それってチューって答えようとしたら、栞は
返事なんか期待いていないみたいに、昔の詩人
の中原さんというひとが書いたんだよって言った。

だから知ってるってって言おうとしたけど、
栞が語りがたっていたので口をつぐんだ。

そして、ふたりで月夜の浜辺に落ちている
ボタンを必死で探した。

拾った人は夜ご飯をおごるとかそういう
くだらないルールだったけど。

亮も仕方なく、しゃがんで手で掘る。
爪の間に砂が入り込んできて気持ち悪い。
僕ってなにしてんだ? って思いながらも
指に触れるのは煙草の吸殻と貝殻の欠片
ばかりだった。

栞。これって時間制限ある?

少し離れたところにいる栞に声をかける。
でも彼女は夢中になっているのか、返事をしない。

ただただひたすらスコップを動かしていた。

そばにいるのに、いないんじゃないかって思うような
ところが彼女にはあって。

そんなところに惹かれたけれど、ときおり不安になる。

しゃがんで栞は、ときどきちぇって舌打ちを打つ。

ゲームとなればなんでも真剣になりすぎて機嫌が悪く
なるのがオチなので、栞には、この月夜の浜辺ツアーで、
ちゃんとボタンをみつけて、ぜひとも一番になって
ほしいと思う。

あの日、亮はどっちも波打ち際のボタンなんて
見つけられないって思っていたのに、ファミレスに着いた
途端、今日は亮ちゃんのおごりだからね、って事も無げに
言ってのけた。

誇らしげに栞はジーンズの後ろポケットから丸いものを
差し出した。

それってもしかして、ボタン? うそ?

うそじゃない! 

海辺のボタン? だよね。チューヤのあの詩のまんまじゃん。

ほら。

ほらって栞が言うからそれは、ほらすごいでしょのほら
かなって思ったら、それはほらあげるよの、ほらだった。

だって戦利品だろ? 

せんりひんって大げさな。
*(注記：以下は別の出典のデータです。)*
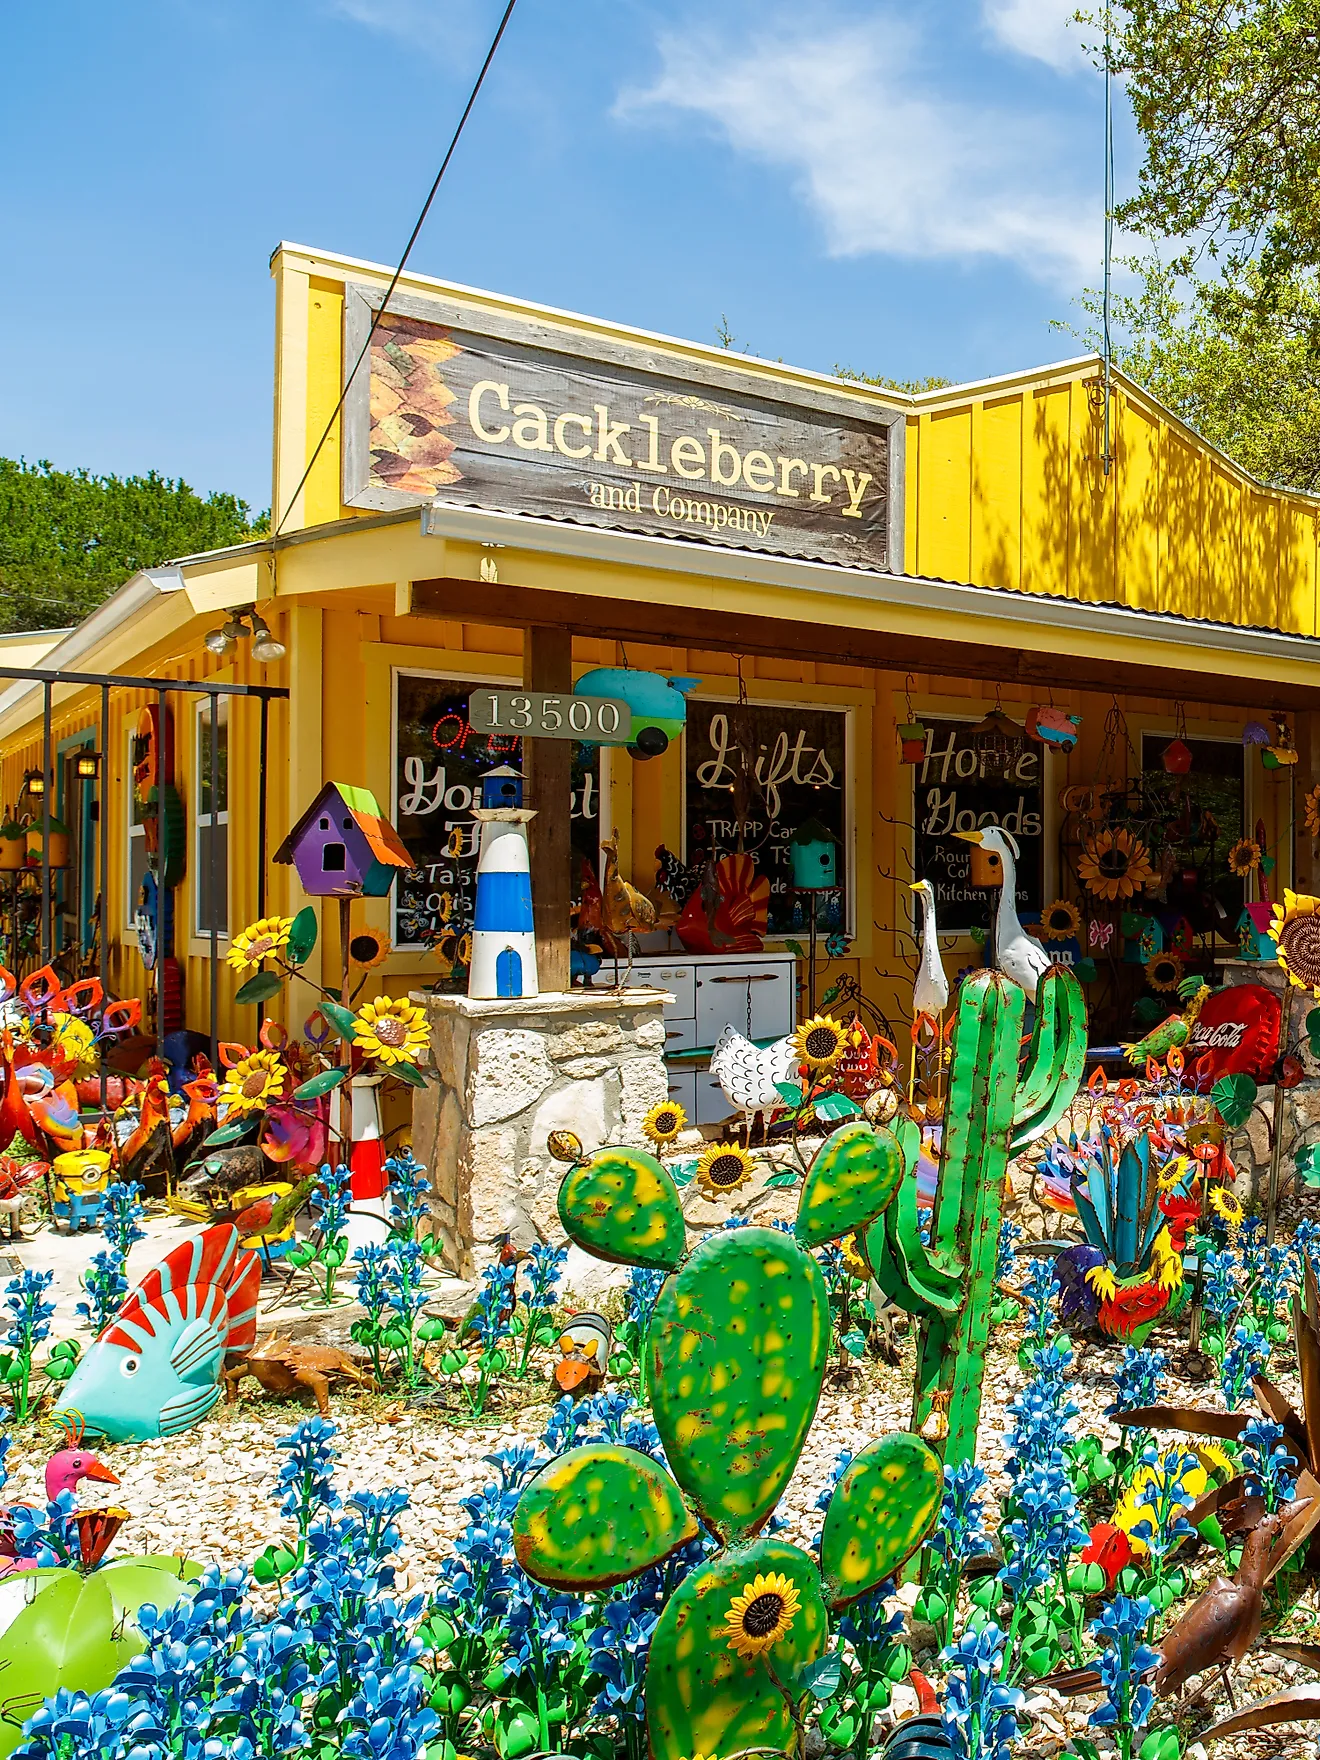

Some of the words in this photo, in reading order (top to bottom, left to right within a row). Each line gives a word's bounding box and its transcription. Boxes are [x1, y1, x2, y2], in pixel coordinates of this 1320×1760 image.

あたしは亮ちゃんに勝ったから
それでいいの。

亮は、栞のちいさなてのひらからそれを受け取った。

受け取ってから半年もしないうちに栞は亡くなった。

唯一、形見分けのように持ち歩いているのが海辺の
ボタンだった。

栞からもらった海辺のボタンと僕は、あの日の
浜辺に来ていた。

商店街はもう閉じていたけれど、ふいに頭の上で
びらびらと短冊みたいなものが、ぶらさがりながら
ゆれていた。

近づくとその大きな札は、揺れ幅を大きくした。

<にぶんのいちあります>

たったそれだけのことばが書いてあった。

なんのにぶんのいちなんだろうって思った。
ふしぎなその短冊が、風も穏やかなのに
あまりにもゆれていた。

<にぶんのいちあります>

その文字をもう一度眺めていた時
ふいにぽけっとの中が熱くなった。

月夜のボタンをぽけっとからそっと
出してみた。

栞がくれたボタンは僕の手の平で
灯りを点していた。

まるでにぶんのいちのように。

(1198文字)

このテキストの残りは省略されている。